Personal information
- Full name: Rodrigo Luiz Angelotti
- Date of birth: 27 April 1998 (age 28)
- Place of birth: Brazil
- Height: 1.81 m (5 ft 11 in)
- Positions: Forward; midfielder;

Team information
- Current team: Seongnam FC
- Number: 9

Youth career
- Red Bull Brasil

Senior career*
- Years: Team / Apps / (Gls)
- 2017–2019: Red Bull Brasil / 15 / (2)
- 2017–2018: → FC Liefering (loan) / 19 / (2)
- 2019–2020: Bragantino / 1 / (0)
- 2019: → Ituano (loan) / 11 / (2)
- 2021–: Kashiwa Reysol / 29 / (4)
- 2023: → Omiya Ardija (loan) / 34 / (5)
- 2024: FC Imabari / 17 / (0)
- 2025: Kagoshima United / 36 / (7)
- 2026–: Seongnam FC / 20 / (4)

= Rodrigo Angelotti =

Brazilian footballer

Rodrigo Luiz Angelotti (born 27 April 1998), sometimes known as just Angelotti, is a Brazilian professional footballer who plays as a midfielder and forward. He currently play for Seongnam FC.

==Club career==
Rodrigo begin first youth career with Red Bull Brasil until 2016.

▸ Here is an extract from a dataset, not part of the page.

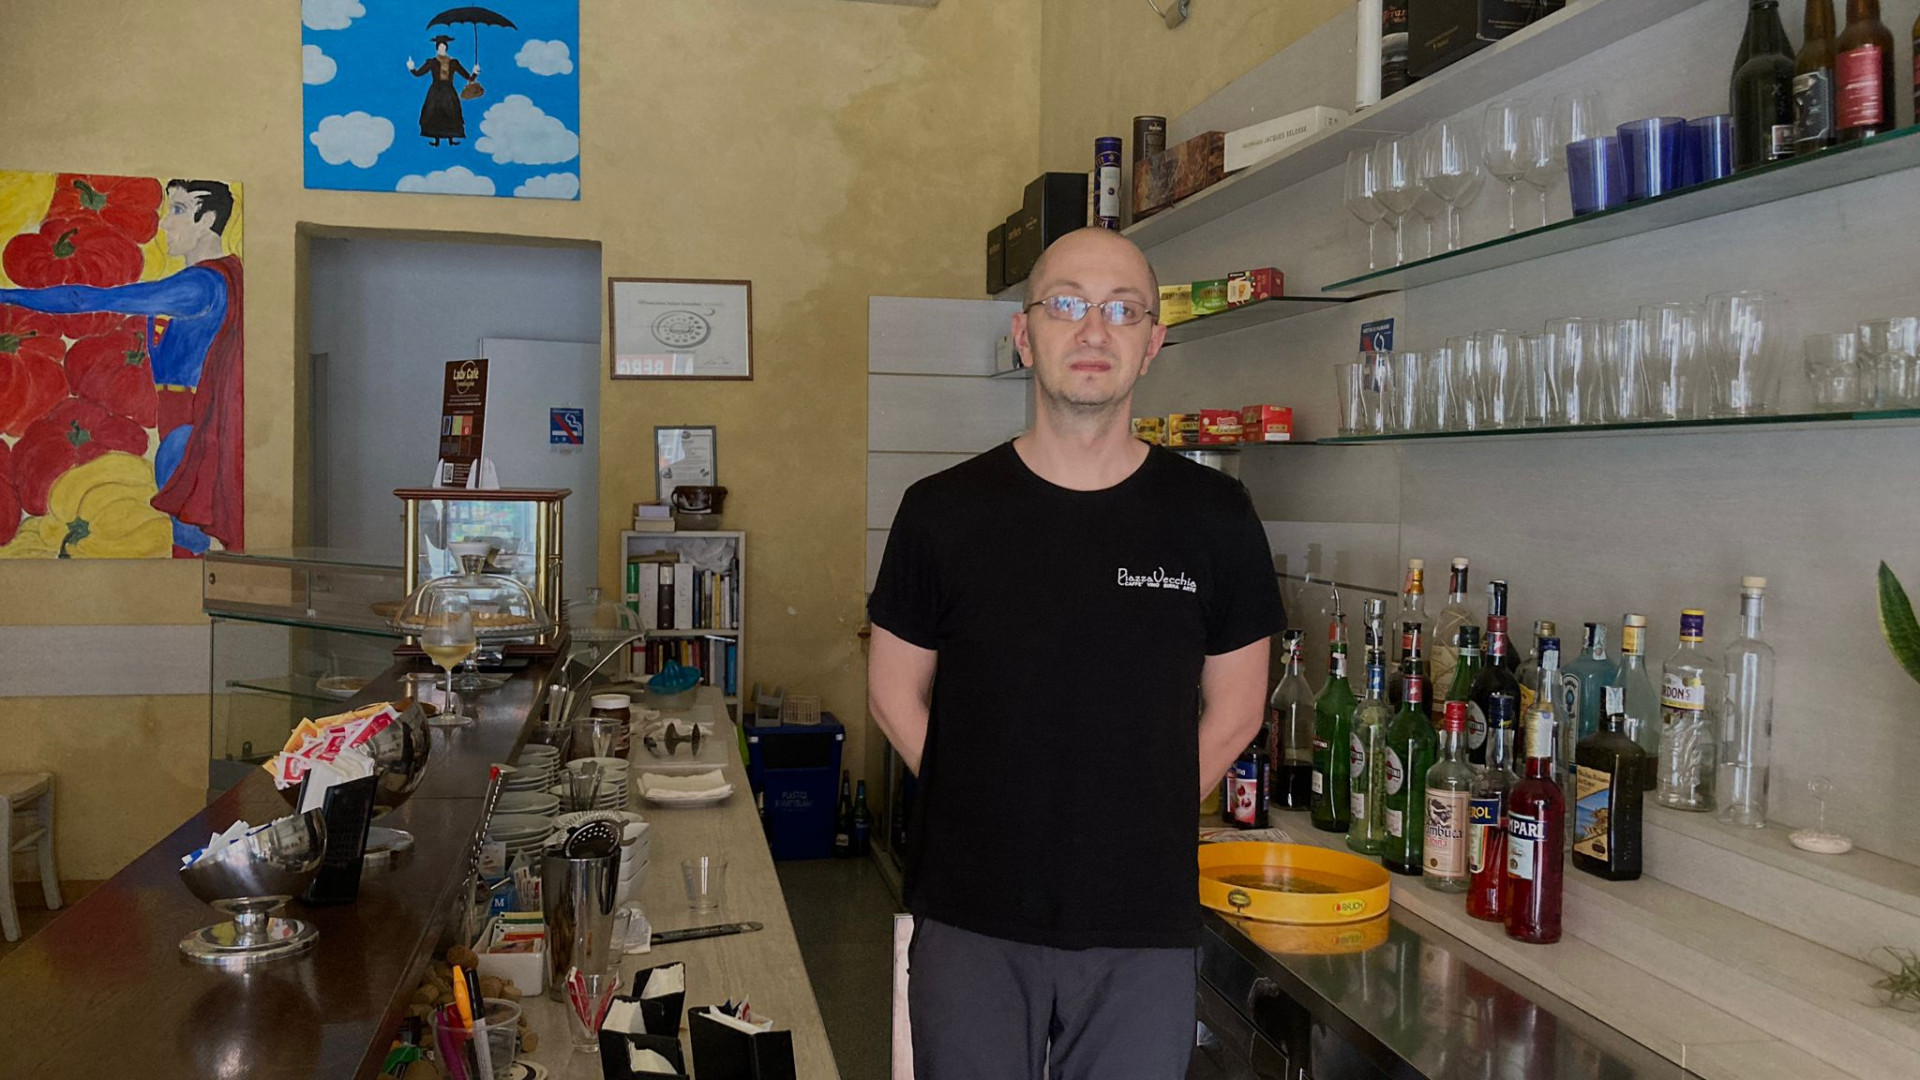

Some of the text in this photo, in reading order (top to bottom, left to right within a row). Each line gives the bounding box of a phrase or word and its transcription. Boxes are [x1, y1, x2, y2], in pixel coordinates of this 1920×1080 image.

[1425, 825, 1462, 839] ambuca
[1508, 818, 1545, 839] MPARI
[494, 898, 505, 908] M
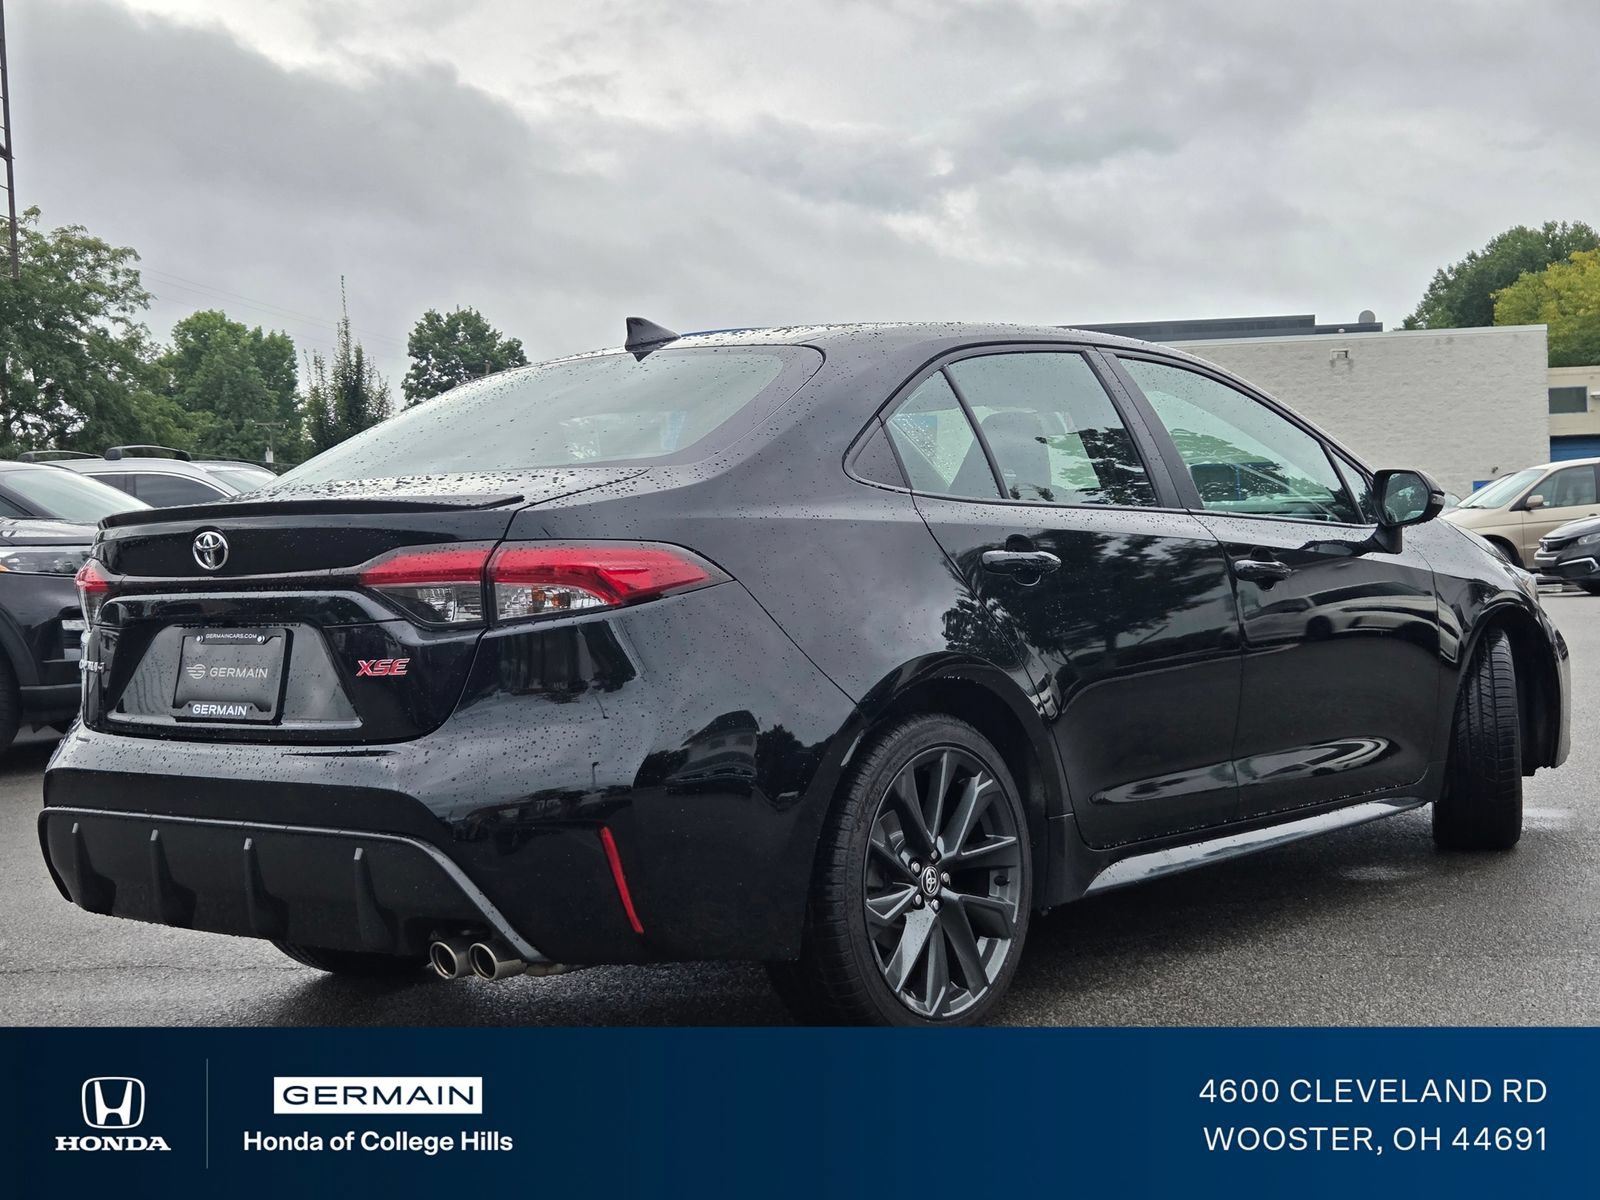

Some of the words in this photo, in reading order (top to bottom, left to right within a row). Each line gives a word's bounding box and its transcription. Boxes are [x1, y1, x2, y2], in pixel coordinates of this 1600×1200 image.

He made his first professional career with Red Bull Brasil and debut for Campeonato Paulista on 5 February 2017 in a game against Mirassol.

In July 2017, after a trial period with Red Bull Salzburg, he joined another Austrian club FC Liefering for a season-long loan.

Rodrigo became a Red Bull Bragantino player when Red Bull Brasil merged with Clube Atlético Bragantino in April 2019.

On 15 January 2021, Angelotti abroad to Japan and signed transfer to J1 club, Kashiwa Reysol for ahead of 2021 season. The jersey number is 29. On 24 April of the same year, he made his first appearance in the J. League in his J1 Matchweek 11 against Tokushima Vortis. Also, on 5 May, he scored his first goal after coming to Japan in the 5th round of the YBC Levain Cup Group Stage against Urawa Reds.

On 8 January 2023, Angelotti was loaned to J2 club, Omiya Ardija for ahead of 2023 season.

On 19 January 2024, Angelotti joined to J3 club, FC Imabari as a permanent transfer. On 29 November of the same year, he announced that would not sign a contract with Imabari.

On 27 December 2024, Angelotti joined to relegated J3 club, Kagoshima United on a permanent transfer from 2025 season.

On 13 January 2026, Angelotti signed to K League 2 club, Seongnam FC for 2026 season.